Les changements climatiques annoncés pourraient de plus accélérer et aggraver ces évolutions préoccupantes.

-  Des concurrences accrues pour l’accès à l’espace et aux ressources naturelles

Trois types de concurrences peuvent être relevés :

(i) Les concurrences anciennes, qui s’aggravent et se traduisent par des tensions entre : agriculteurs et éleveurs ; certains exploitants forestiers et les populations locales ; les pêcheurs locaux et ceux venus de l’extérieur.

(ii) L’affectation d’espaces agro-sylvo-pastoraux et maritimes à d’autres usages : l’urbanisation rapide qui absorbe l’espace agricole situé à la périphérie des villes, notamment dans les zones côtières proches de Dakar, exacerbé par la communalisation (Darou Khoudoss, Ross Béthio, etc.) ; des installations à vocation touristique (stations balnéaires) se font sur le domaine maritime (petite Côte, Oussouye, Saint-Louis) ; des équipements et des infrastructures à vocation minière ou industrielle sont mis en place dans l’espace agricole (Kédougou, plateau de Thiès).
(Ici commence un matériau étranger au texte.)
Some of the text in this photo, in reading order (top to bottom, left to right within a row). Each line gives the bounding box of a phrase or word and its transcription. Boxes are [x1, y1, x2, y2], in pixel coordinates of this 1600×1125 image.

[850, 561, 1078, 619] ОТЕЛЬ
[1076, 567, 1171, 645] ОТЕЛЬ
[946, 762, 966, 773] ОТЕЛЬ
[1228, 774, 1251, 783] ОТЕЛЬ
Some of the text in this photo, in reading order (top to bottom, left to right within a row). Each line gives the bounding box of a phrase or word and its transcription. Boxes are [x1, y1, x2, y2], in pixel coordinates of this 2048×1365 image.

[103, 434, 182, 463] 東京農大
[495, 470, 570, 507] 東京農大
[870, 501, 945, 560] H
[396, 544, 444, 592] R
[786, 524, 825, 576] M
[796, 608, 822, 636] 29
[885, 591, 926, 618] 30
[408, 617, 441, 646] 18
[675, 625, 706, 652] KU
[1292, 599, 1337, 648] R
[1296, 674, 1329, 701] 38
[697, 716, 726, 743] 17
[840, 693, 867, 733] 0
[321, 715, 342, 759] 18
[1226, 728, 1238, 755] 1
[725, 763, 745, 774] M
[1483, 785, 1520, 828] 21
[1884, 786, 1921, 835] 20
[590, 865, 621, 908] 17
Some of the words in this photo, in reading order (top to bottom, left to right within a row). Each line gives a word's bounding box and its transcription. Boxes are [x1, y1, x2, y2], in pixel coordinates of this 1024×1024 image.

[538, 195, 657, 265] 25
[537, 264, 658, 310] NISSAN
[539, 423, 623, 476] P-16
Les paysans comprennent la nécessité pour le Sénégal de diversifier son économie, mais question se pose en termes de modalités d’implantation d’activités nouvelles et de contreparties pour la population locale (emploi, indemnisation)

(iii) Le développement du rôle de l’agro-business dans la production constitue une forme de concurrence particulièrement préoccupante pour les exploitations familiales. Jusqu’à une date récente, les opérateurs économiques ont surtout investi dans l’amont et dans l’aval de la production primaire. Les EF et leurs organisations reconnaissent l’importance du rôle des industries de transformation (tomate industrielle, poisson, coton, arachide, etc.), qui stimulent la production dès lors qu’elles sécurisent les débouchés et les prix (contractualisation). Néanmoins, peu d’opérateurs économiques ont investi jusqu’ici dans les productions primaires à l’exception de la pêche (la pêche semi-industrielle assure le tiers des mises à terre), de l’exploitation forestière, de l’aviculture, etc.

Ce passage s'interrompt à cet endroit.